La notte che ha cambiato tutto è stata due mesi fa:

"Eravamo nella tenda dove vivevamo, una notte ci hanno bombardati e sono morti mio marito e mio figlio più grande, Malek, che era vicino. Io ero ferita alla testa e il mio bambino è stato colpito dalle schegge all'occhio e alla gamba, che è rotta"

Da lì è iniziata una corsa contro il tempo per salvare il piccolo.

Amina, la mamma di Batoul e Rahman

L’intervento a Negrar e l’appello per il futuro

Grazie a un programma di evacuazione medica, coordinato dall’Unità di crisi della Farnesina e dalla Protezione Civile, Amina e i suoi figli sono riusciti a fuggire da Gaza. Hanno raggiunto prima Verona, poi Padova, dove oggi risiedono.
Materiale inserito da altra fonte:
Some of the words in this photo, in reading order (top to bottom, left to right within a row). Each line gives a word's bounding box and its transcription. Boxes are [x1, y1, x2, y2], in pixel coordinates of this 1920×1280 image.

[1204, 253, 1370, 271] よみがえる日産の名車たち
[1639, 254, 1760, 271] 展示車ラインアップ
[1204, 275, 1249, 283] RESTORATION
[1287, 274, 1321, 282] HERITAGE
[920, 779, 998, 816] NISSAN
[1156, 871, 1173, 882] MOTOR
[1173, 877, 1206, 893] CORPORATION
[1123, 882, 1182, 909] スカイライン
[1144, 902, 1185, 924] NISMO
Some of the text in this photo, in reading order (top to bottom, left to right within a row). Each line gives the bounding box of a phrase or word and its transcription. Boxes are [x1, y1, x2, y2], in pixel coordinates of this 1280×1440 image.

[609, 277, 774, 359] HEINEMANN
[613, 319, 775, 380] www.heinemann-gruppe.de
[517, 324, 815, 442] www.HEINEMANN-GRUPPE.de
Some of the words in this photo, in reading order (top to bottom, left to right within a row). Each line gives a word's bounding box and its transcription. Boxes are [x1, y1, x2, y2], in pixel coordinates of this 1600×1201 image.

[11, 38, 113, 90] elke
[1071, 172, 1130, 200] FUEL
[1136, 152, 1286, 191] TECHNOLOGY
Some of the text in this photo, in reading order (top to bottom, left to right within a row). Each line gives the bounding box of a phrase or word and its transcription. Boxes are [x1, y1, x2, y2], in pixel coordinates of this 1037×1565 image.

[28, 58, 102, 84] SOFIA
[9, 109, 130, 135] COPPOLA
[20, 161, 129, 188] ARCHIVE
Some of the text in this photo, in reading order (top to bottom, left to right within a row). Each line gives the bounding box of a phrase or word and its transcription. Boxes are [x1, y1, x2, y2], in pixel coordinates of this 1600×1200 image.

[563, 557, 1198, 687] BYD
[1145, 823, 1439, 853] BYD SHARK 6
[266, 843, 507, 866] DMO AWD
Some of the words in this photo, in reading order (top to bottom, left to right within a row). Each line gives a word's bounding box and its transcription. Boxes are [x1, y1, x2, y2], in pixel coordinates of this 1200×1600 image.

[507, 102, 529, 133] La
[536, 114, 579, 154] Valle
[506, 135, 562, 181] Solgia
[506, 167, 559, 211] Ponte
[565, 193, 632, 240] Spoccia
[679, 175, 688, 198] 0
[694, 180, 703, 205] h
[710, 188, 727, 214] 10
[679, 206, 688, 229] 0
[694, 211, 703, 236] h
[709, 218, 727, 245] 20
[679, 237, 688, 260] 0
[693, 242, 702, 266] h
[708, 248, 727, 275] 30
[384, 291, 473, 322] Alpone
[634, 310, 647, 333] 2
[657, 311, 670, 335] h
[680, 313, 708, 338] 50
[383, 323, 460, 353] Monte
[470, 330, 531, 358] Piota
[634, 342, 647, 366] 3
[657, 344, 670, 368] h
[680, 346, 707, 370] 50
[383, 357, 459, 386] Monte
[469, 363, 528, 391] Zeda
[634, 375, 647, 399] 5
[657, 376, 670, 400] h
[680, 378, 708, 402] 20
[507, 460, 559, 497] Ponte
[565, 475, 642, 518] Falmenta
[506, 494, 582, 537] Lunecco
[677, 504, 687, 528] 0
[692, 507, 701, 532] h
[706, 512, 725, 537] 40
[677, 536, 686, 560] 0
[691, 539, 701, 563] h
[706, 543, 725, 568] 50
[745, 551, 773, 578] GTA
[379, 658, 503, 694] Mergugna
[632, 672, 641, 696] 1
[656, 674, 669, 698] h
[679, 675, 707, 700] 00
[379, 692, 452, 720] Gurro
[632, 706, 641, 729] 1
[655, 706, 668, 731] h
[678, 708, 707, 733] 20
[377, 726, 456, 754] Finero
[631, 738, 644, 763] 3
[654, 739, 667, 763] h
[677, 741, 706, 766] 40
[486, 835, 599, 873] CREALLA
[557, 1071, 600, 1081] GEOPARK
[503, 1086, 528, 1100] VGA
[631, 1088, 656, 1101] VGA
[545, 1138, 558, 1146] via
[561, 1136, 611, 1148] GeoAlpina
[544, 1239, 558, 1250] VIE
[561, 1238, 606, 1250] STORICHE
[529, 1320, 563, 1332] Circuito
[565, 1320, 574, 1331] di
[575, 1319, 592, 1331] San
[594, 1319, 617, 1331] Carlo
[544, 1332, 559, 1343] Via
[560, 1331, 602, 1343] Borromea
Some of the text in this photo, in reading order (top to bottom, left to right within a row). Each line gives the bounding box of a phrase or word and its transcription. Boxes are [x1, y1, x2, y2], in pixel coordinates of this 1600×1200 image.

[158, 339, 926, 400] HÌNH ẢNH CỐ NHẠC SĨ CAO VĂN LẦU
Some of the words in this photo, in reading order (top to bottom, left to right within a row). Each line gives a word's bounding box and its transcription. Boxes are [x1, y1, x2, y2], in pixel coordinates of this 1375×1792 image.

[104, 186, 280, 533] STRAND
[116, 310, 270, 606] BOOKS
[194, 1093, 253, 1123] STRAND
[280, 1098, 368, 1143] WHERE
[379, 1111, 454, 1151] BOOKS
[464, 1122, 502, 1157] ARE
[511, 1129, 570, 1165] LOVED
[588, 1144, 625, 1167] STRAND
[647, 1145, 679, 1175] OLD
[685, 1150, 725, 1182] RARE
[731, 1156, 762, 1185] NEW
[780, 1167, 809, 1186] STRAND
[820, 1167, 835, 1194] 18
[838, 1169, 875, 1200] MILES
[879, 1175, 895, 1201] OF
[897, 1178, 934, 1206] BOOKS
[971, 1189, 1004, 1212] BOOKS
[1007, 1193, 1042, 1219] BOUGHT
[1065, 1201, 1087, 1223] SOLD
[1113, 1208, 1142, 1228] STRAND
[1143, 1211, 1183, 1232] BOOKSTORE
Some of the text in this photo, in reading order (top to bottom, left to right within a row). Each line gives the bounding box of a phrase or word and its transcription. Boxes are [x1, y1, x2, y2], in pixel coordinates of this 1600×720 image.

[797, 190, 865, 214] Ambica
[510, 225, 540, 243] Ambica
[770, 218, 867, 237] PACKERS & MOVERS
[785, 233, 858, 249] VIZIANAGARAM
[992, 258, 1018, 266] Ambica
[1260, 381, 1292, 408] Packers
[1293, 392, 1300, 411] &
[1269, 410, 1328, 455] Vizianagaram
Ad accogliere e curare Rahman è stata l’equipe dell’ospedale Sacro Cuore Don Calabria di Negrar, diretta da Grazia Pertile. Qui i medici hanno scelto di non rimuovere l’occhio ferito, ma di provare a salvarlo con un intervento specialistico. Un tentativo di restituire una parte di futuro a un bambino che ha visto troppo, e che forse non avrebbe mai più potuto farlo.

Oggi Amina non vuole più tornare a Gaza. Vive con altri quattro nuclei familiari palestinesi, tra cui 9 minori dagli 8 mesi ai 15 anni, seguiti dall’associazione Padova Abbraccia i bambini. L’appello è chiaro: accelerare i ricongiungimenti familiari per permettere ai parenti rimasti a Gaza di salvarsi.

“Qui in Italia vedo un futuro possibile per i miei figli – dice Amina – Ci sono scuole, case, pace. A Gaza non c’è più nulla. La vita lì è impossibile”.